The OGTT is usually done around the sixth month of pregnancy, but Filipino women have been found to have an increased risk for GDM and so the OGTT should be done at the first prenatal visit, especially if you are 25 years old or older and have a first-degree relative with Type 2 diabetes. Testing should also be done in women who have had a history of irregular menstrual periods and a diagnosis of of polycystic ovary syndrome (PCOS), are overweight or obese before pregnancy, or if during a previous pregnancy your baby weighed eight pounds or more at birth.
If during a current pregnancy the baby is too large for its age, GDM should be suspected. In GDM the baby can gain too much weight, making it difficult to have a normal delivery. A mother’s high blood sugar may also cause early labor. An early delivery may also be recommended because the baby is too big. Babies born to women with GDM have a greater chance of developing diabetes and becoming obese as they grow up.
The cornerstone of managing GDM is a proper diet. It turns out that “eating for two” when you’re pregnant is not true. Another misconception is eating heavy breakfast. If you have problems with blood sugar, breakfast should be the smallest meal of the day, because our blood sugar naturally goes up in the morning. Pregnancy is also not the time to lose weight if you are overweight or obese, so you have to watch your diet and gain weight slowly and not too much.

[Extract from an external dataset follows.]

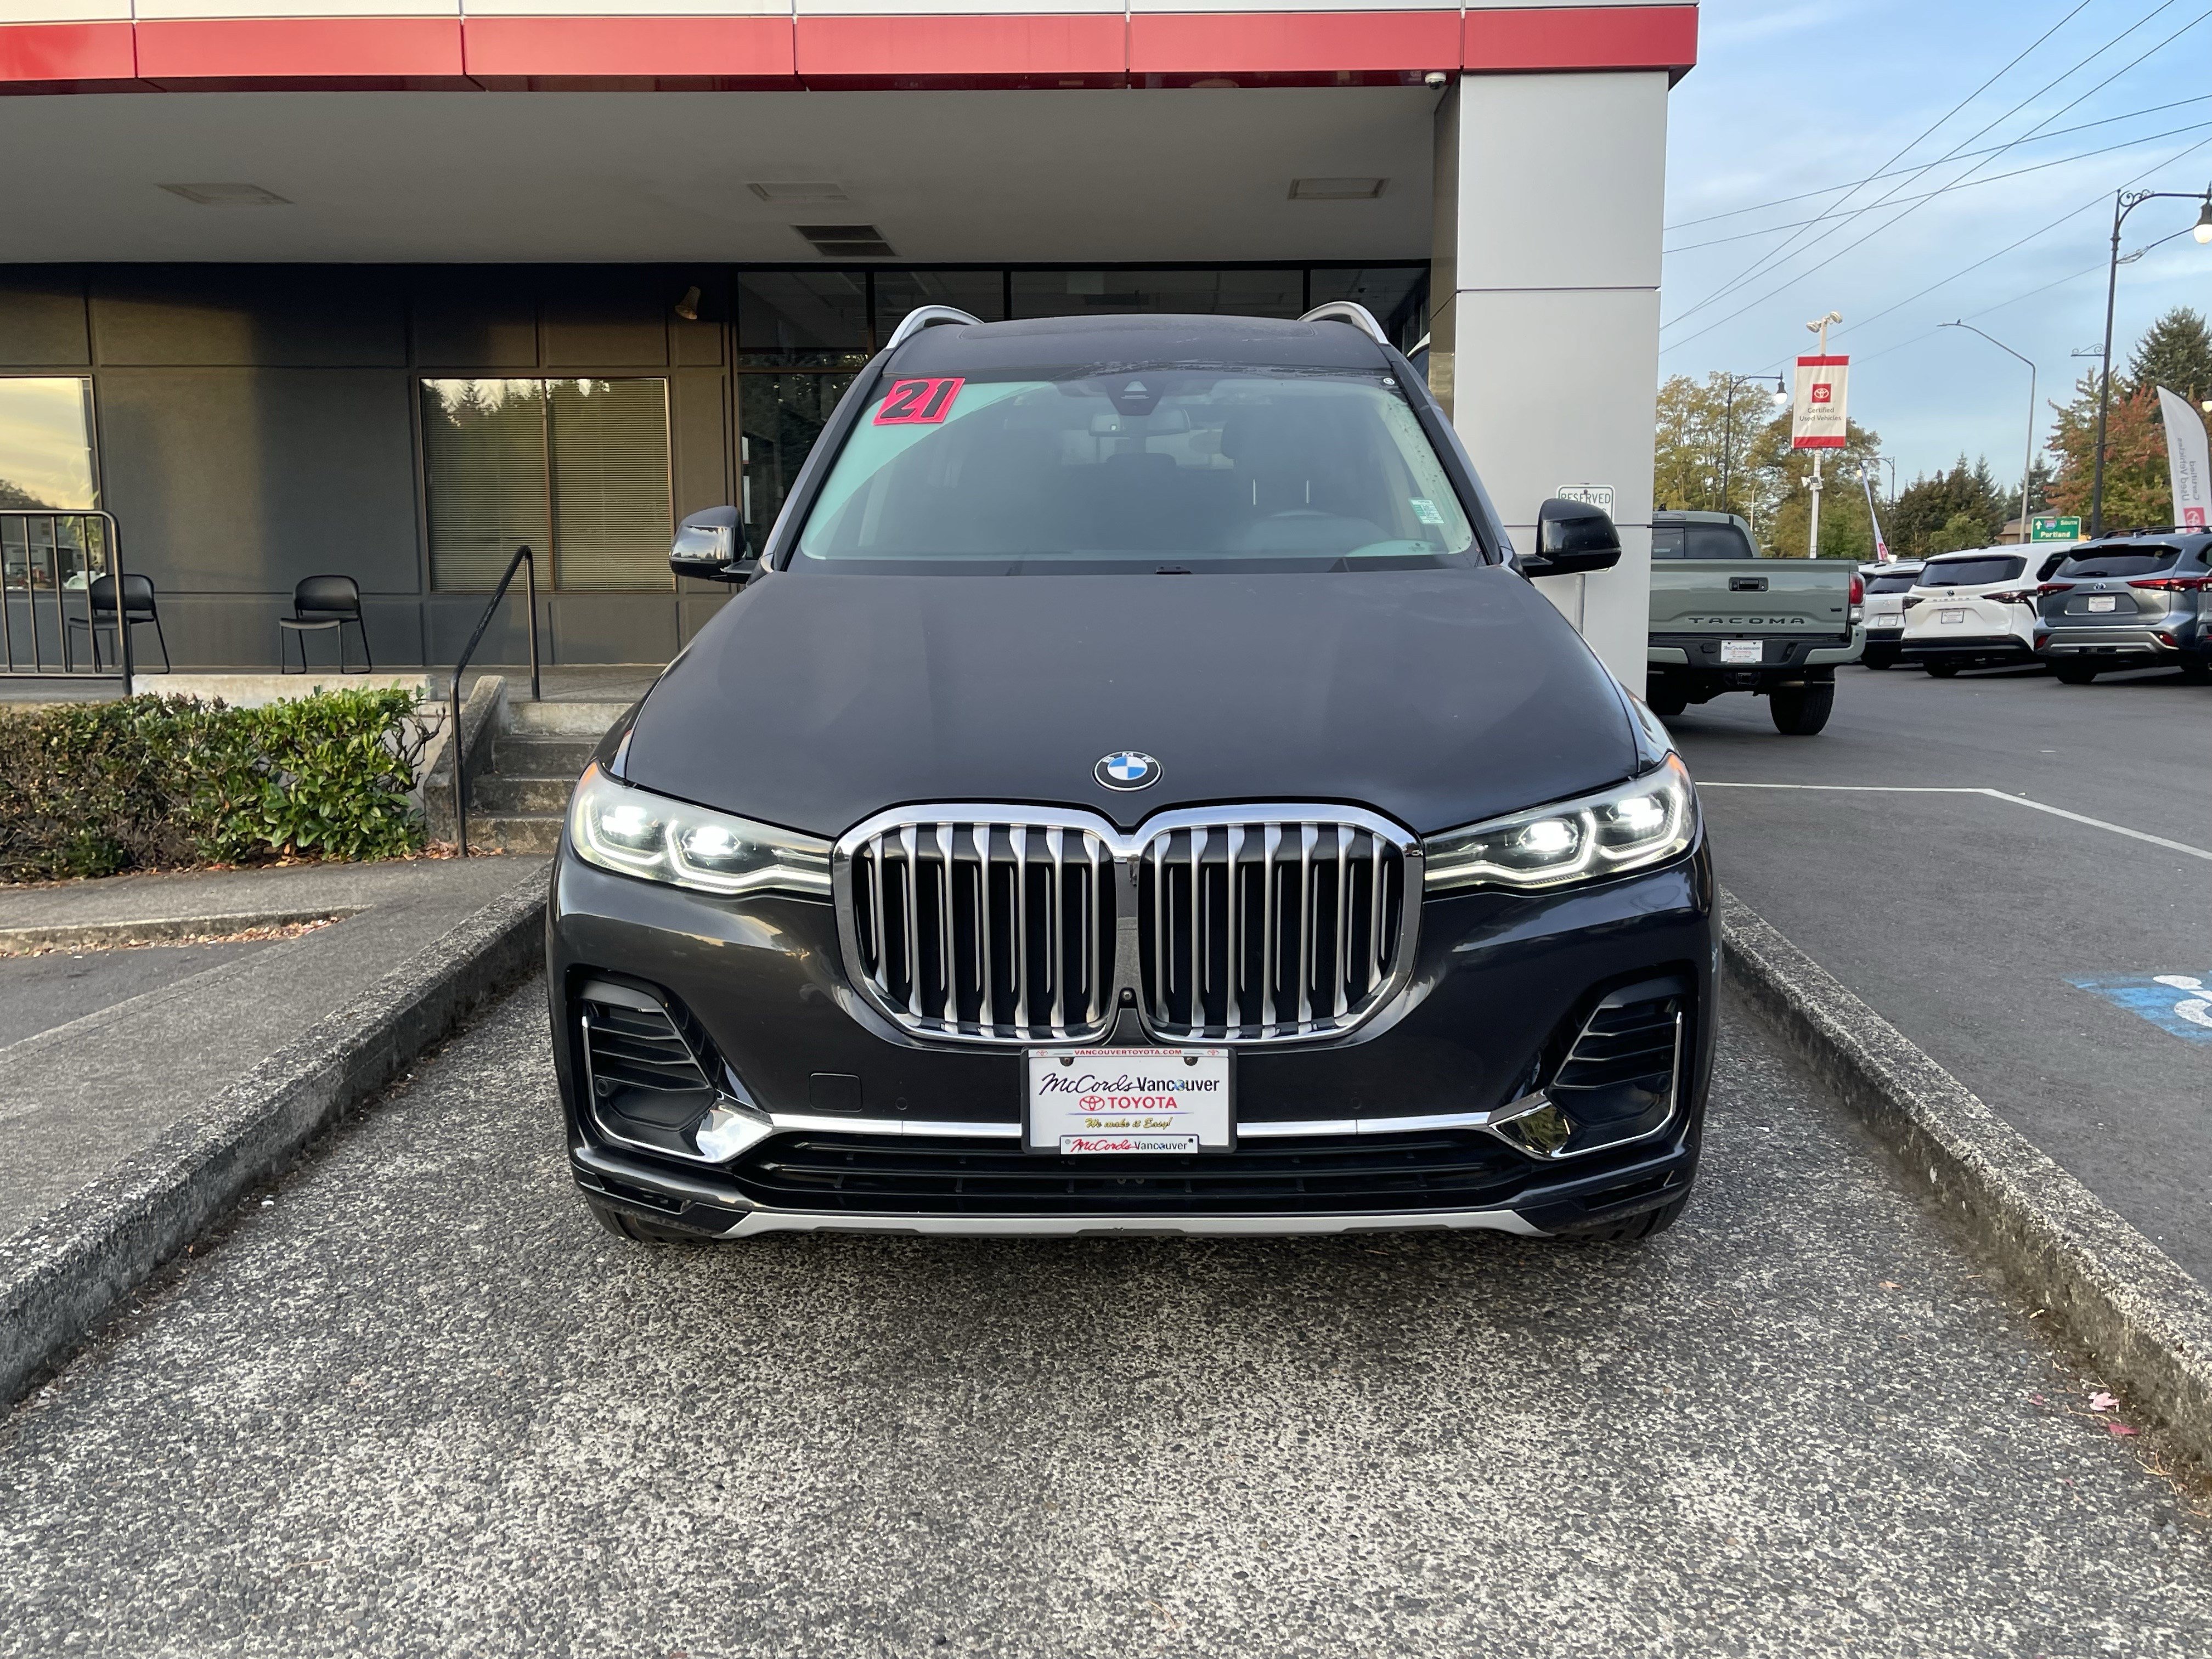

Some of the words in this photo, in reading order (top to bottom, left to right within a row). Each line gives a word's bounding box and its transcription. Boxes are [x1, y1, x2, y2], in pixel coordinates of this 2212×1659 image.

To get good blood sugar control in GDM, it is necessary to check your blood sugars, by using either a traditional glucometer and pricking your finger to test, or with continuous glucose monitoring. If you have GDM, consult with an endocrinologist who can help you decide on which method is best for you and how often you need to check your blood sugar. Your endocrinologist will also monitor your blood sugar control throughout the pregnancy, as many changes can occur from one trimester to the next.
With proper diet and some exercise, most women will be able to control their blood sugar without medication. About 10 to 20 percent of women with GDM, however, will need medication, and this includes injecting insulin, which is effective and safe to take in pregnancy. As GDM usually resolves after delivery, mothers will not need insulin after delivery.
Another thing to remember is to get an OGTT again six weeks after delivery, to make sure that your blood sugar levels have indeed returned to normal. Half of the women who have GDM develop diabetes in the next five to 10 years, and annual testing is recommended to catch early. To remember it, you have to do the test once a year during the month of your birthday. Think of it as a birthday gift to yourself.
Having GDM can be stressful — dealing with blood sugar monitoring, counting calories, and worrying about how this could all affect your unborn baby’s health. Consult with your doctor regularly, ask questions, and educate yourself, because the more you know, the more in control you’ll feel. Working with a nutritionist can also help. Do not be afraid of the diet and all the testing. Know that you are taking the proper steps toward taking care of yourself and your baby.